Mechanisms Linking Hemostatic Factors to Tumor Growth in Mice

Abstract

A persuasive link between hemostatic factors and cancer has been developed through extensive studies of both human and animal malignancies. Coagulation-, platelet- and fibrinolytic-factors all have been tightly associatedwith tumor growth and/or dissemination. Nevertheless, the mechanisms by which these factors influence tumor growth and progression remain to be fully defined. Recent studies of mice with selected deficits in hemostatic factors have generally supported the hypothesis that hemostatic factors contribute significantly to tumor biology. However, the findings with gene-targeted mice have often been unexpected or tumor model-dependent.
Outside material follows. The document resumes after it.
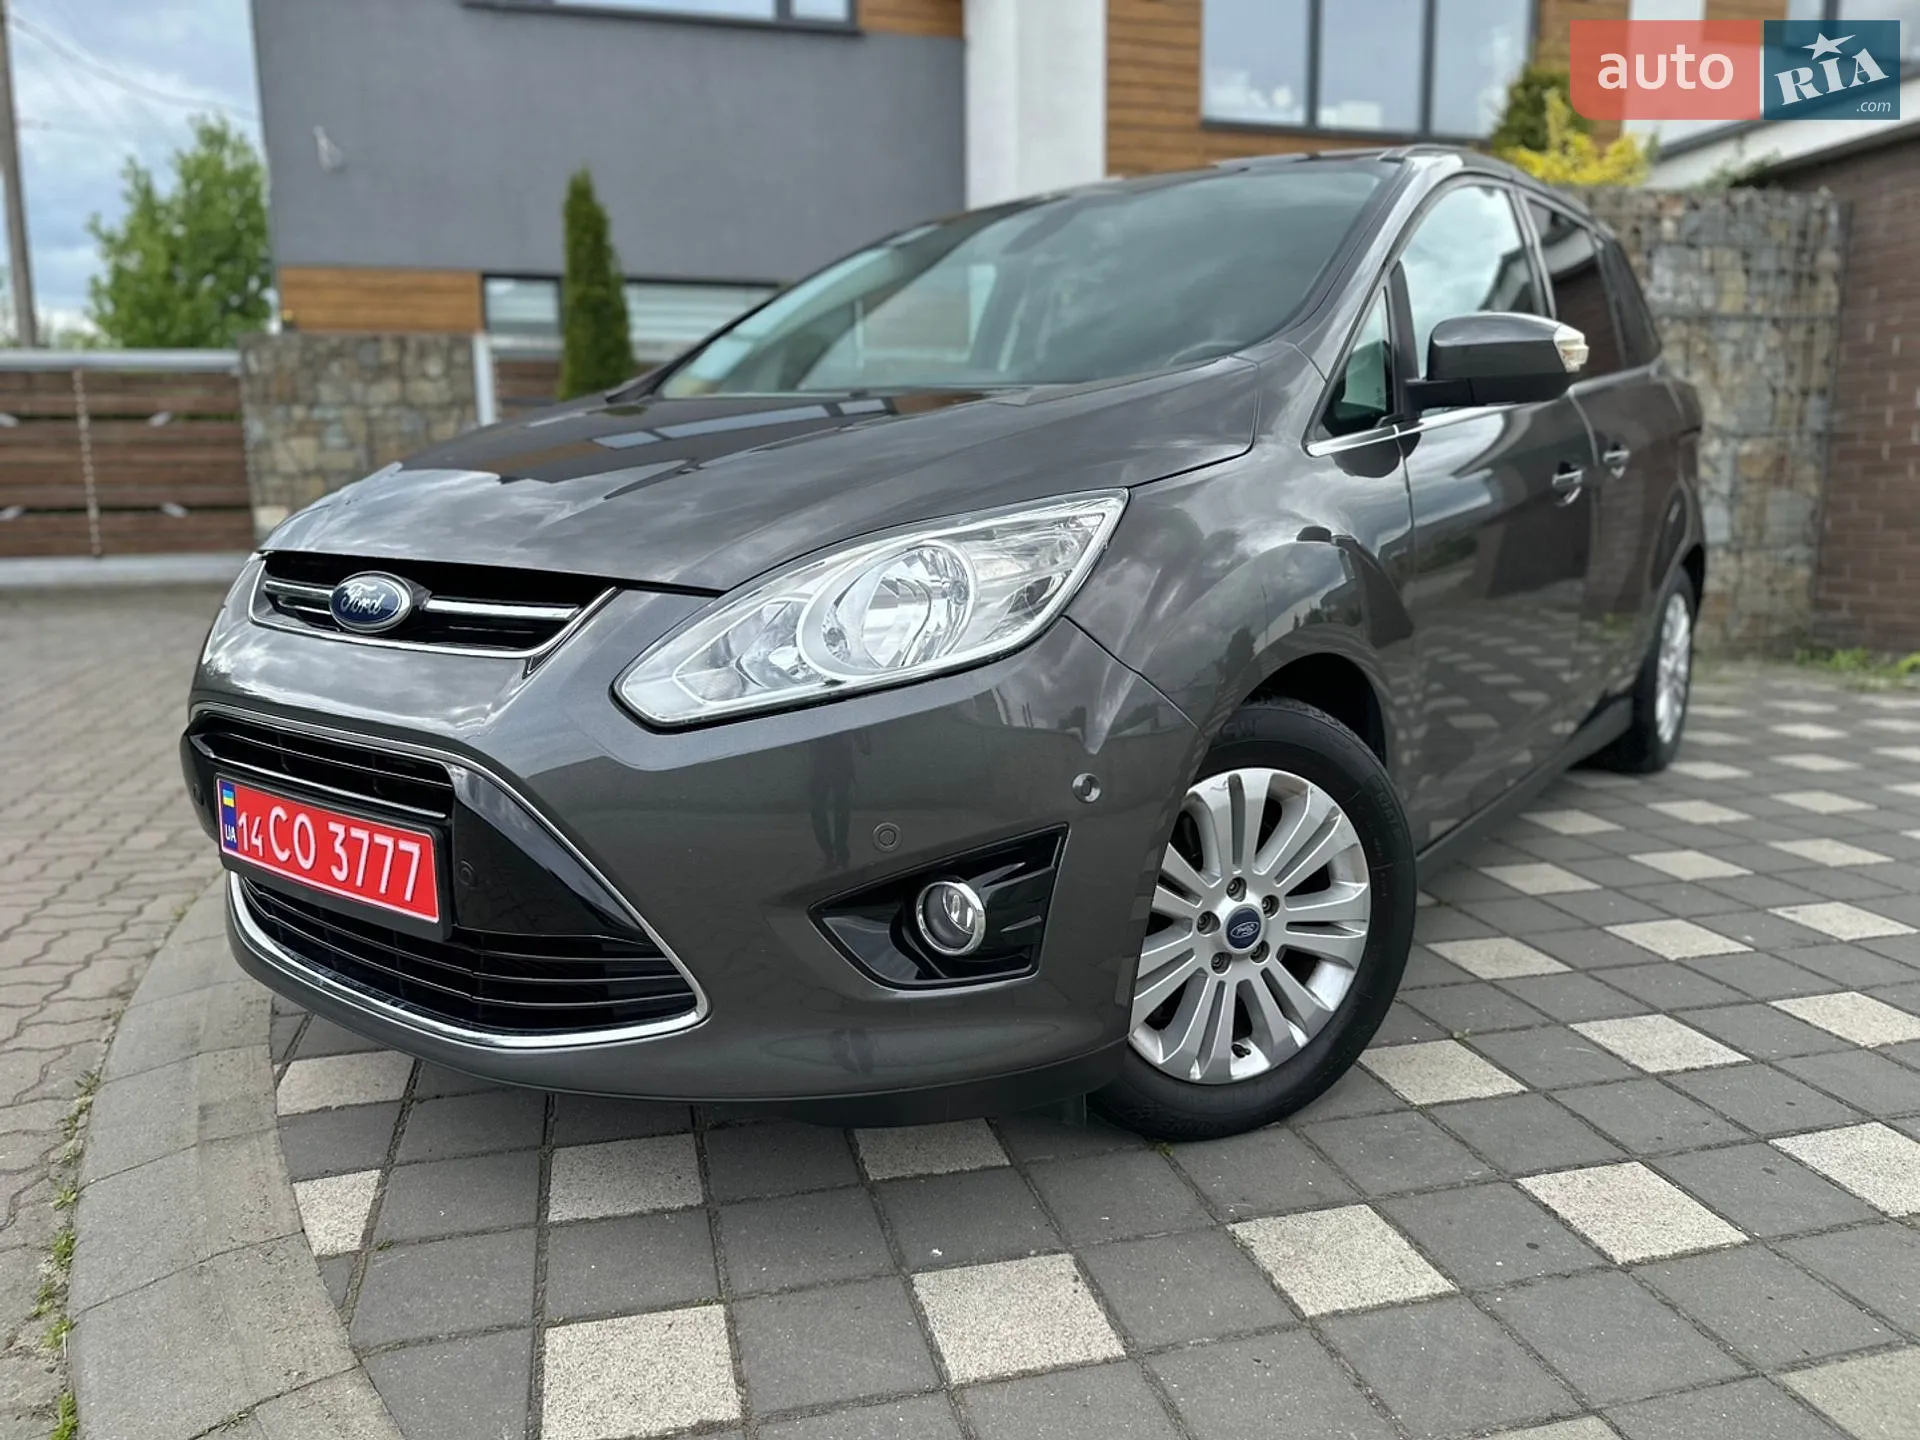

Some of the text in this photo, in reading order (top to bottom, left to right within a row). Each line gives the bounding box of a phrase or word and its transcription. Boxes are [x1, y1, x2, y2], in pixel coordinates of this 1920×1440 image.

[341, 582, 386, 615] Ford
[225, 823, 237, 843] UA
[328, 821, 421, 902] 3777
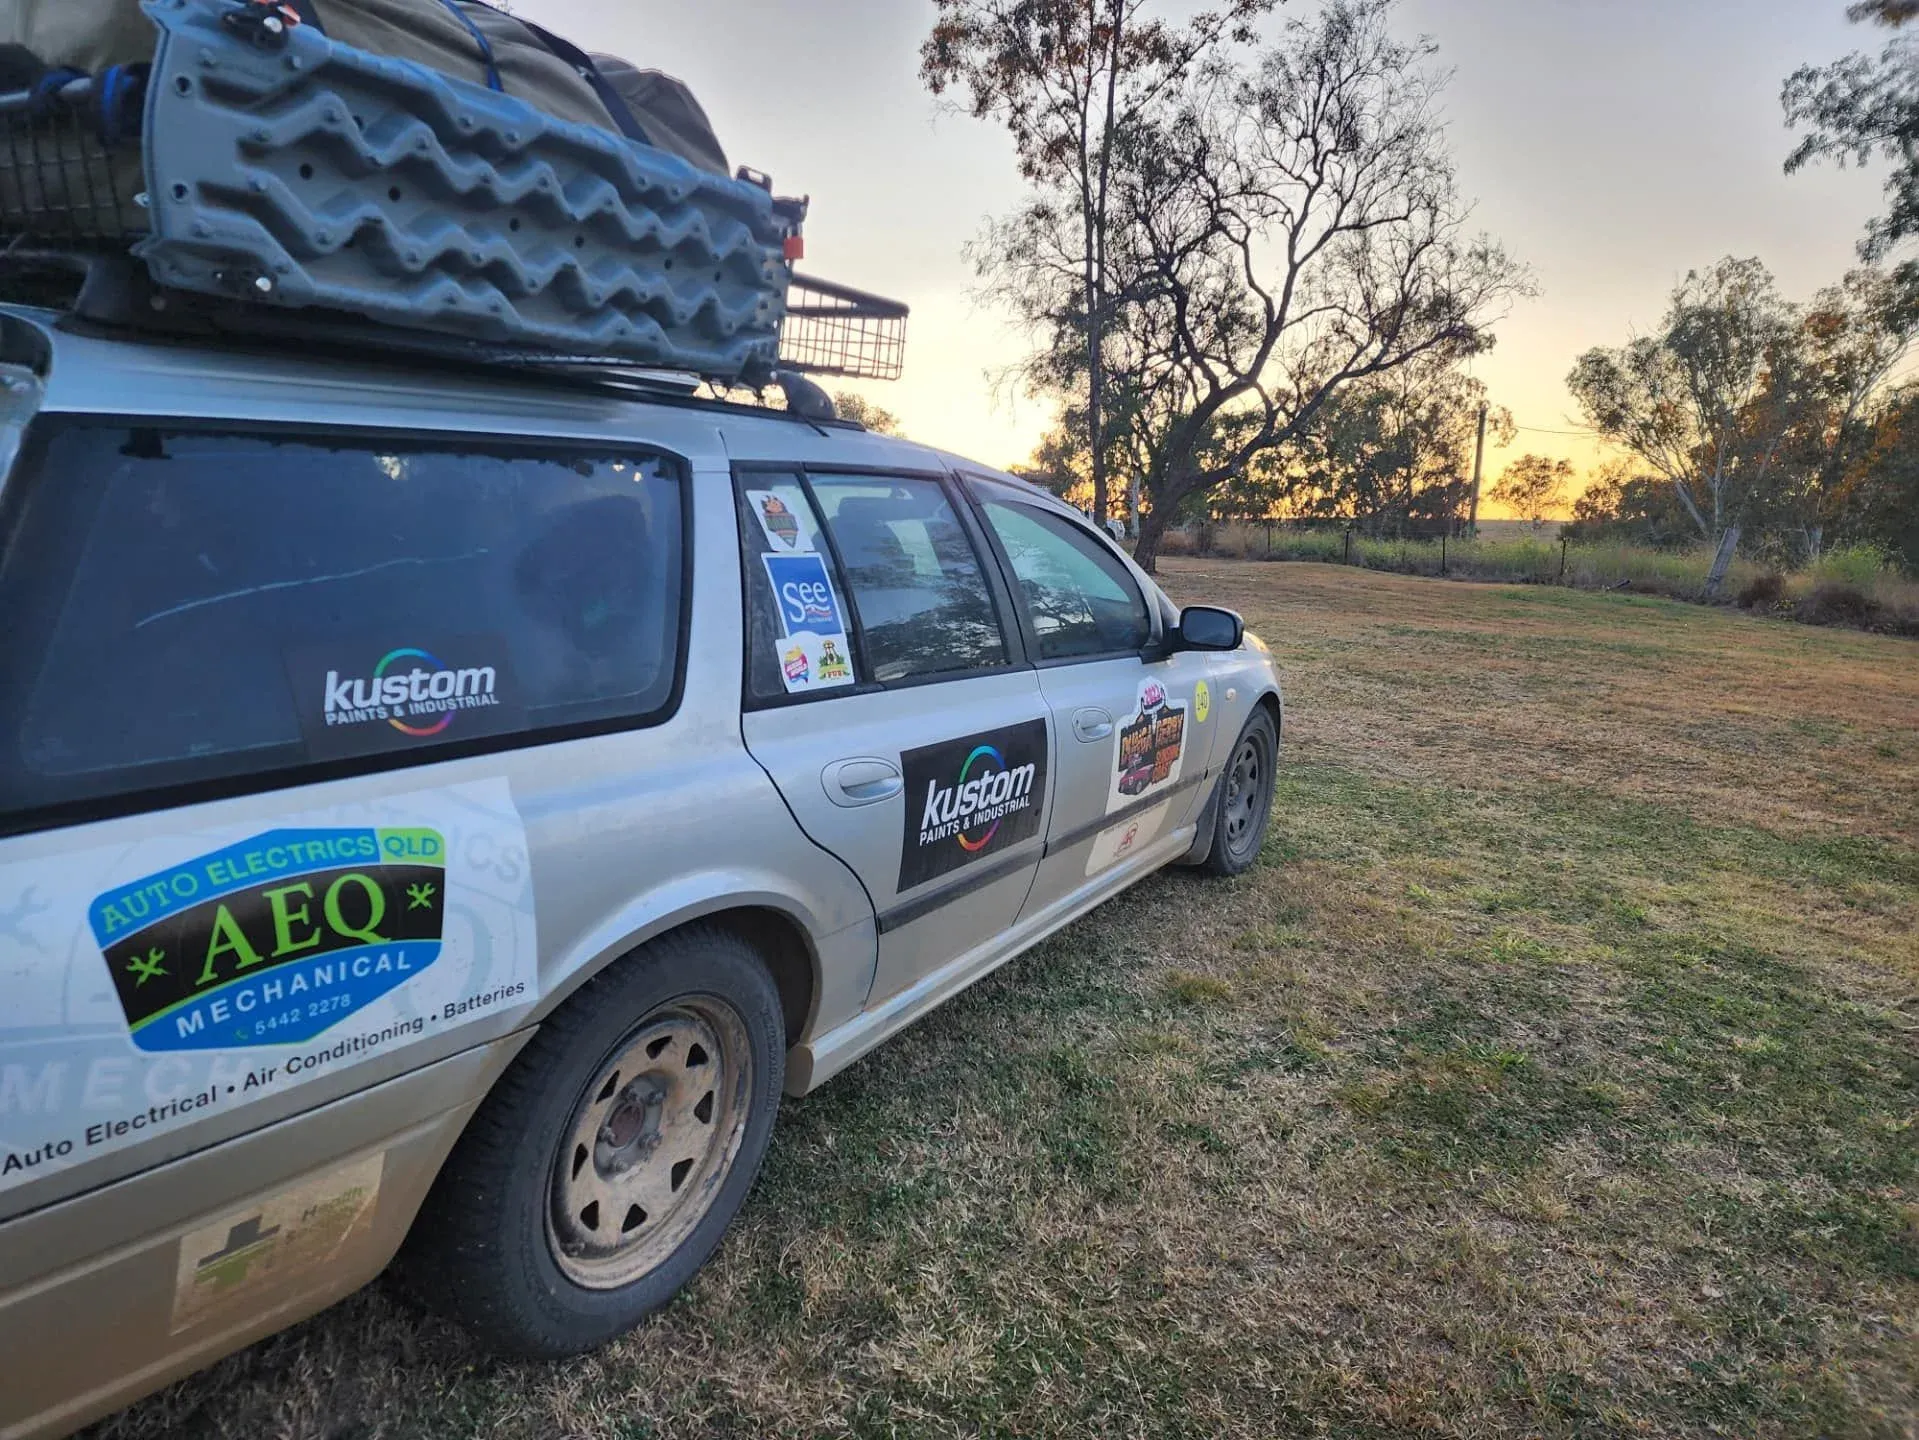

Particularly enigmatic was the dual finding that neither fibrin(ogen) nor plasmin(ogen) were significant determinants of Lewis lung carcinoma (LLC) or T241 fibrosarcoma tumor growth following transplantation into the dorsal subcutis of immune-compatible mice. However, follow up studies have revealed that tumor growth is critically dependent on plasminogen when LLC and T241 tumors cells are transplanted to another anatomical location, the footpad. Furthermore, the negative impact of plasminogen deficiency on footpad tumor growth was effectively relieved by genetically superimposing a deficit in fibrinogen. The likely mechanistic basis for the suppression of tumor growth in plasminogen-deficient mice was revealed through transmission electron microscopy studies of tumor tissues. Widespread microvascular thrombi were found within footpad tumors of plasminogen-deficient mice, whereas no such lesions were observed within tumors from mice that also lacked fibrinogen. These occlusive events were shown to result in a substantial lengthening of tumor cell doubling time in vivo, but increased tumor cell dropout is also likely to contribute to the diminution of footpad tumor growth in plasminogen-deficient mice. Taken together, these studies show that both plasminogen and fibrinogen can serve as critical determinants of tumor growth, but their importance is dependent on anatomical location/microenvironment. Furthermore, one target of plasmin(ogen) relevant to tumor success in vivo is intravascular fibrin.